§ Exercise prompt
The entries that follow should be reproduced exactly, with no images carried over.

============

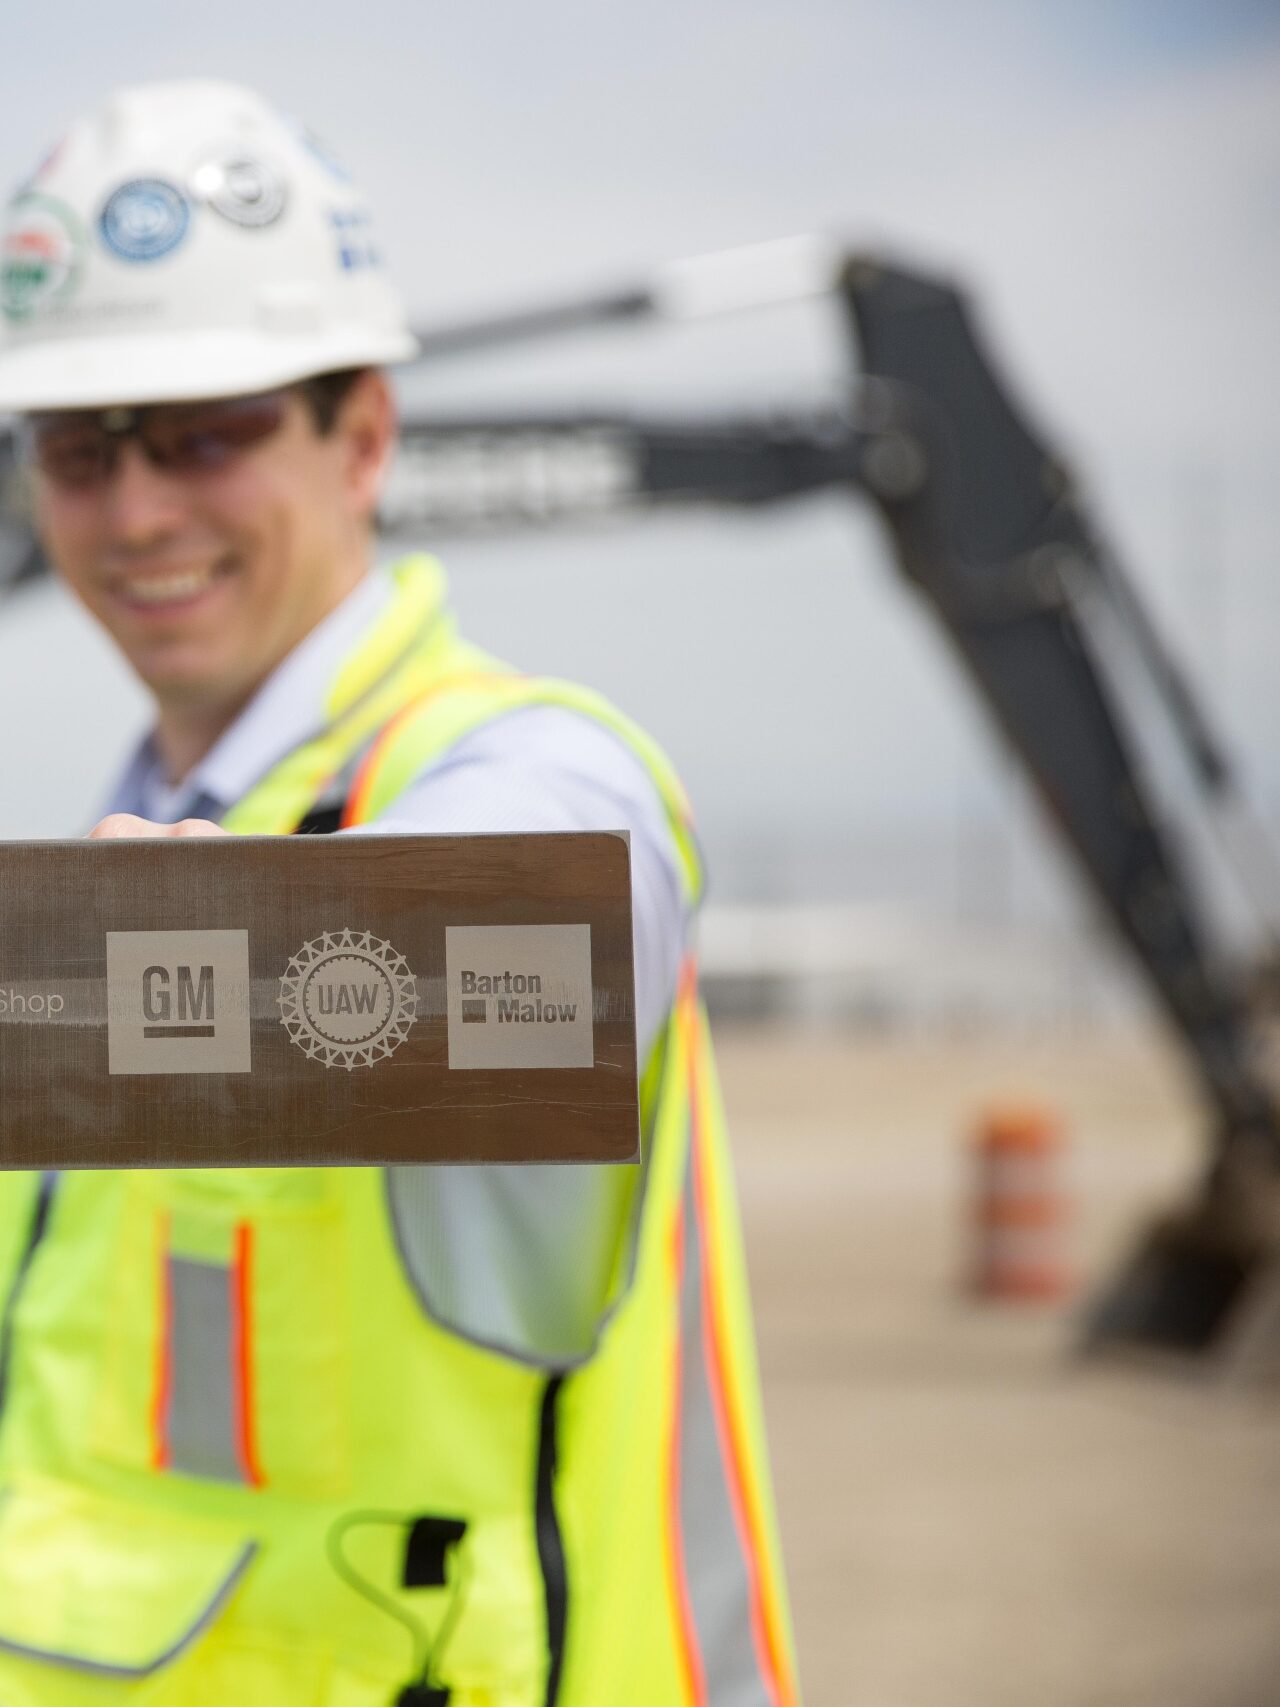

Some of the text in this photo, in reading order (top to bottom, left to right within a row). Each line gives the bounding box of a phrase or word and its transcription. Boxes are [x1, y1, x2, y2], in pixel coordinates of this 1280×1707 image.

[142, 965, 215, 1022] GM
[460, 970, 542, 995] Barton
[319, 984, 379, 1016] UAW
[497, 998, 577, 1024] Malow
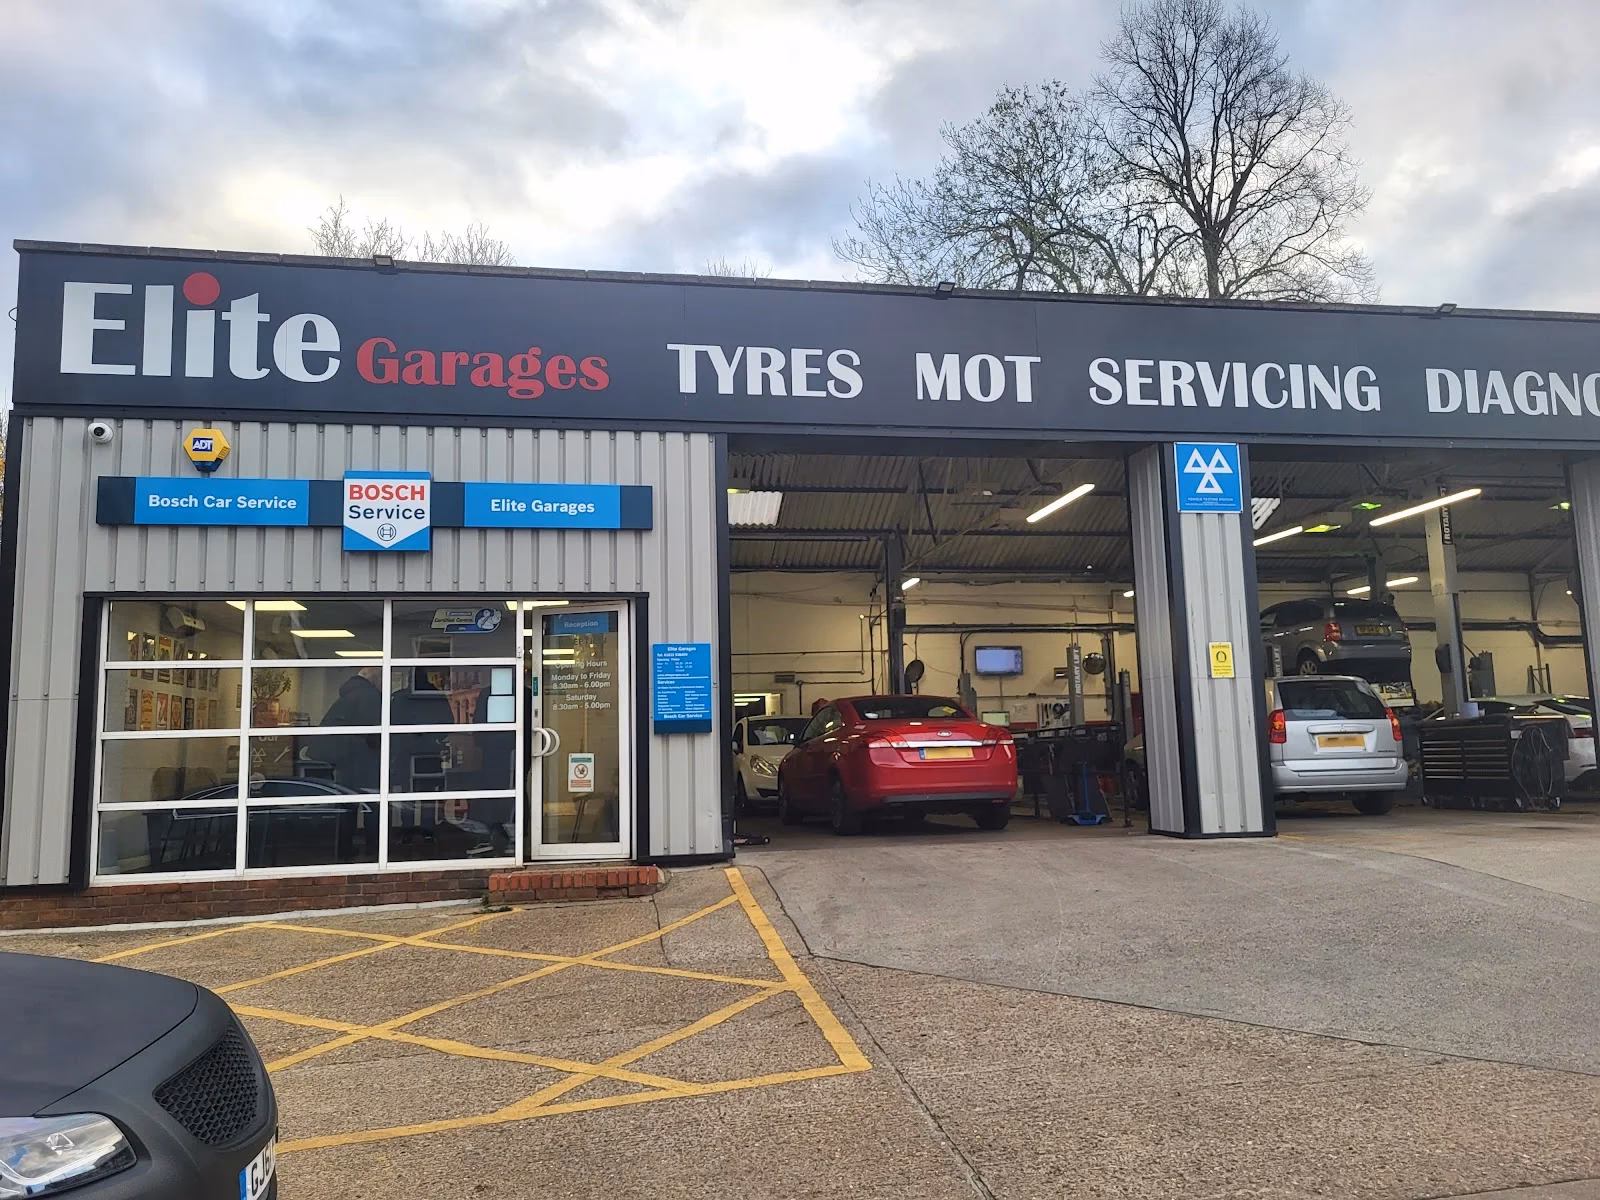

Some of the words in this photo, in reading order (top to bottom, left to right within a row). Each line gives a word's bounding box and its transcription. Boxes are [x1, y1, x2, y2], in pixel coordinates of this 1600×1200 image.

[59, 272, 340, 383] Elite
[355, 337, 611, 399] Garages
[666, 343, 864, 399] TYRES
[915, 352, 1042, 403] MOT
[1088, 357, 1381, 412] SERVICING
[193, 439, 213, 450] ADT
[349, 483, 425, 502] BOSCH
[148, 493, 198, 510] Bosch
[203, 495, 232, 509] Car
[236, 495, 297, 510] Service
[490, 498, 526, 513] Elite
[531, 499, 595, 516] Garages
[349, 504, 426, 521] Service
[564, 620, 598, 629] Reception
[586, 660, 608, 668] Hours
[551, 673, 578, 682] Monday
[589, 671, 611, 680] Friday
[566, 693, 597, 701] Saturday
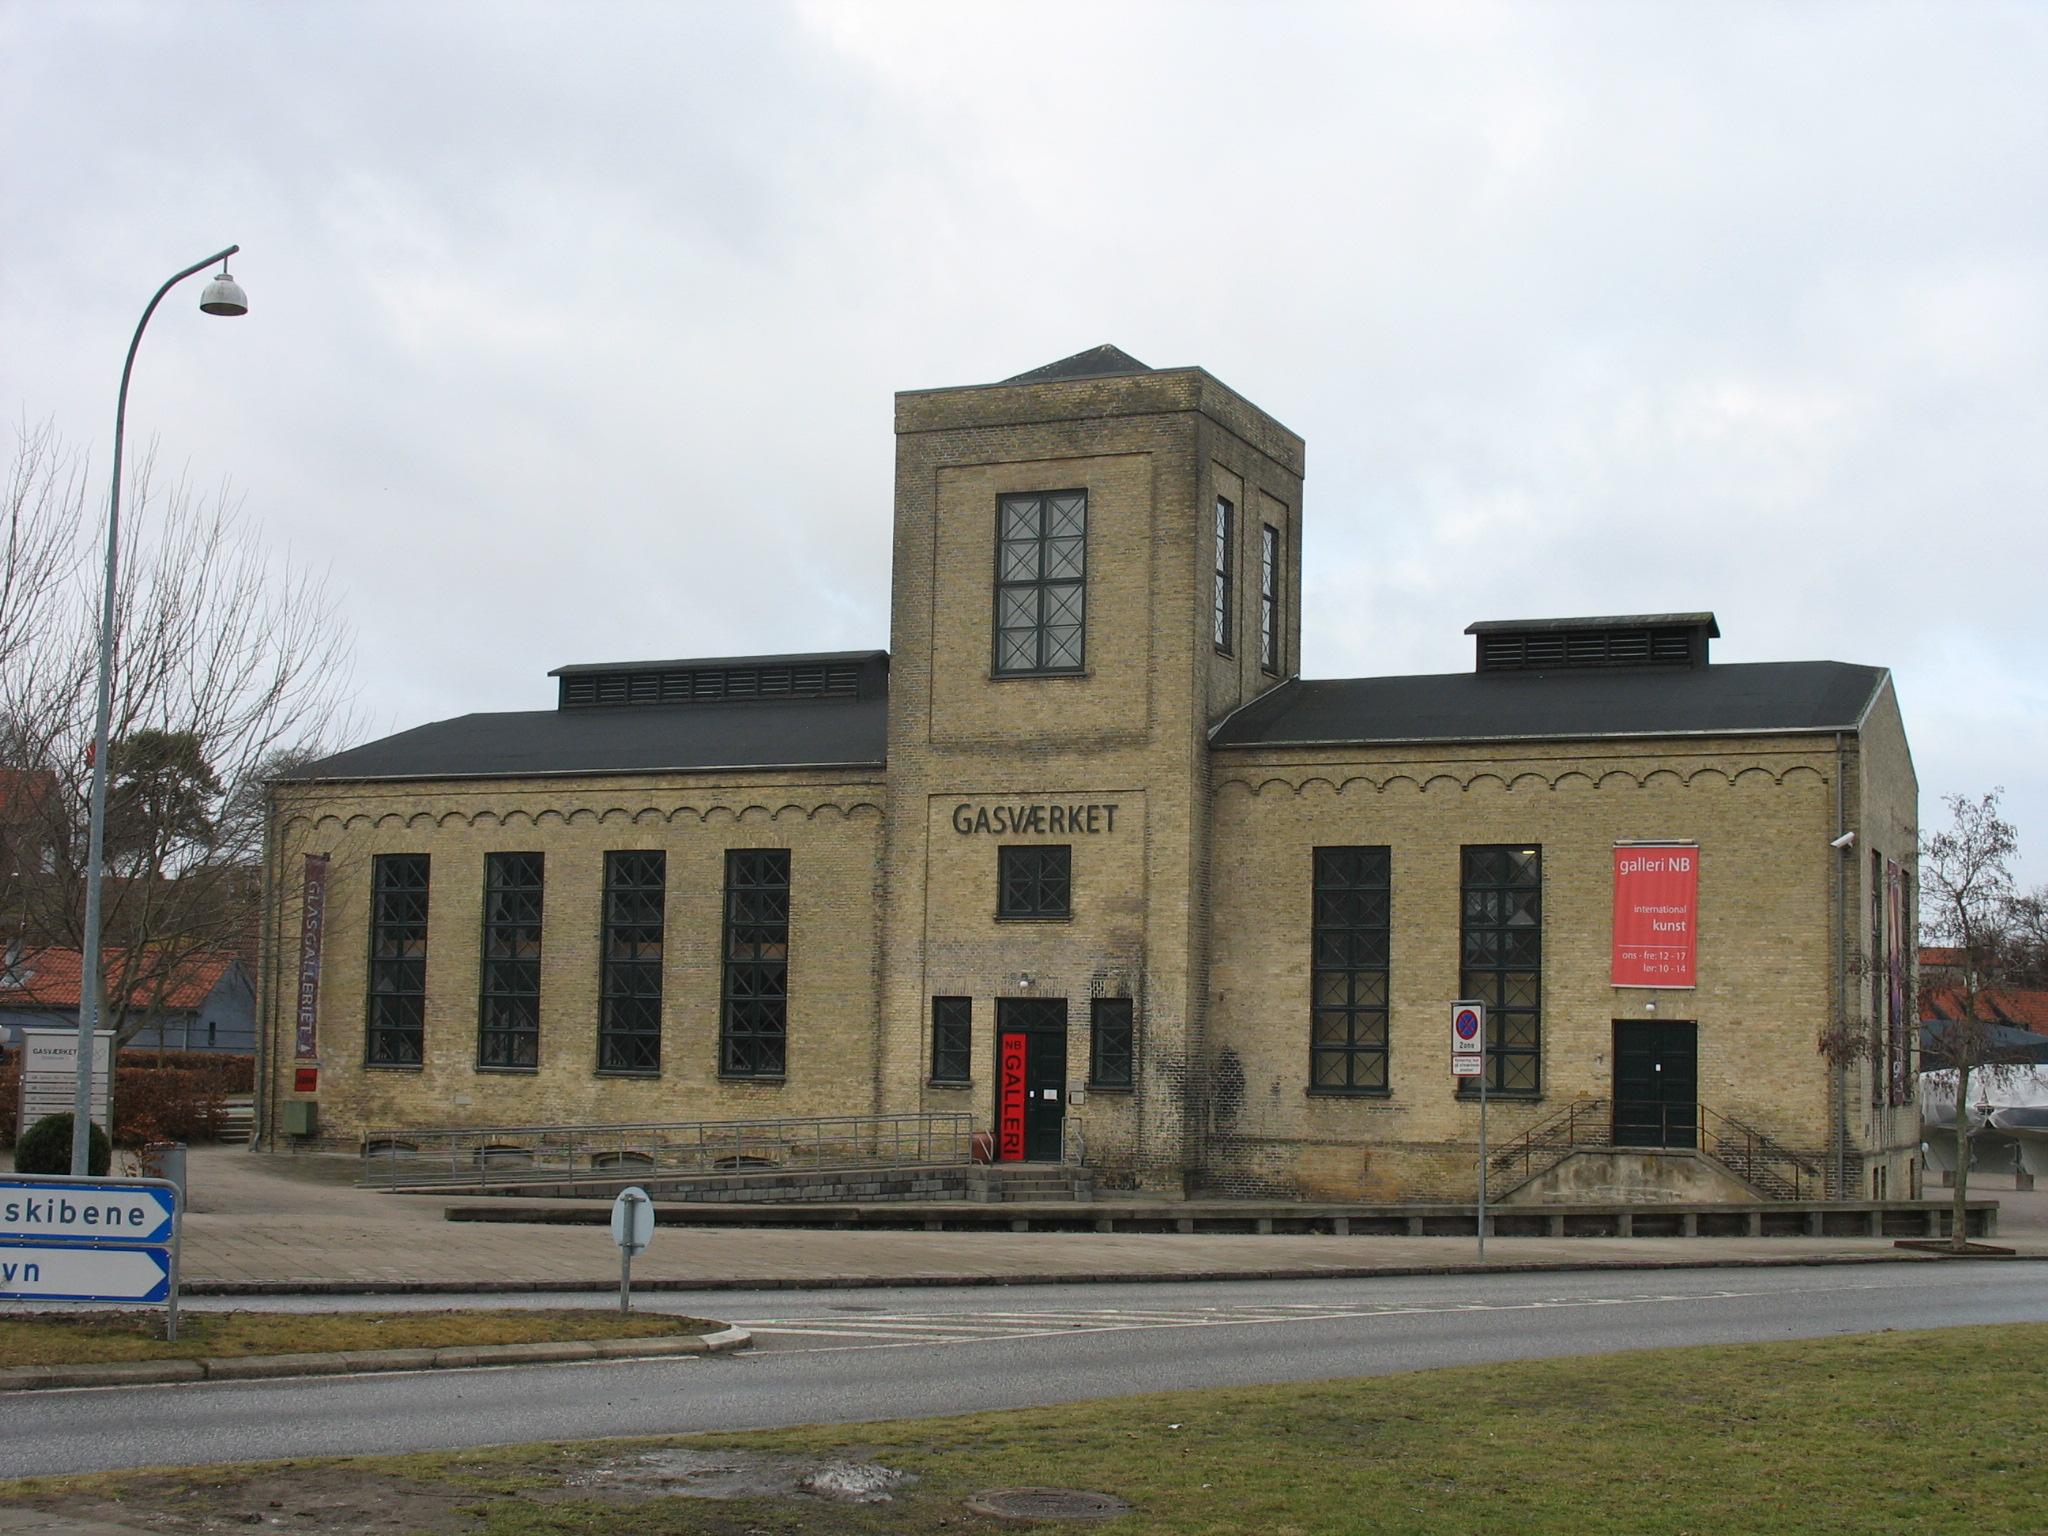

============

§ Completed exercise
Some of the text in this photo, in reading order (top to bottom, left to right within a row). Each line gives the bounding box of a phrase or word and its transcription. Boxes are [x1, y1, x2, y2], in pixel coordinates of this 1280×1707 image.

[142, 965, 215, 1022] GM
[460, 970, 542, 995] Barton
[319, 984, 379, 1016] UAW
[497, 998, 577, 1024] Malow

Some of the words in this photo, in reading order (top to bottom, left to right within a row). Each line gives a word's bounding box and its transcription. Boxes are [x1, y1, x2, y2], in pixel coordinates of this 1600×1200 image.

[59, 272, 340, 383] Elite
[355, 337, 611, 399] Garages
[666, 343, 864, 399] TYRES
[915, 352, 1042, 403] MOT
[1088, 357, 1381, 412] SERVICING
[193, 439, 213, 450] ADT
[349, 483, 425, 502] BOSCH
[148, 493, 198, 510] Bosch
[203, 495, 232, 509] Car
[236, 495, 297, 510] Service
[490, 498, 526, 513] Elite
[531, 499, 595, 516] Garages
[349, 504, 426, 521] Service
[564, 620, 598, 629] Reception
[586, 660, 608, 668] Hours
[551, 673, 578, 682] Monday
[589, 671, 611, 680] Friday
[566, 693, 597, 701] Saturday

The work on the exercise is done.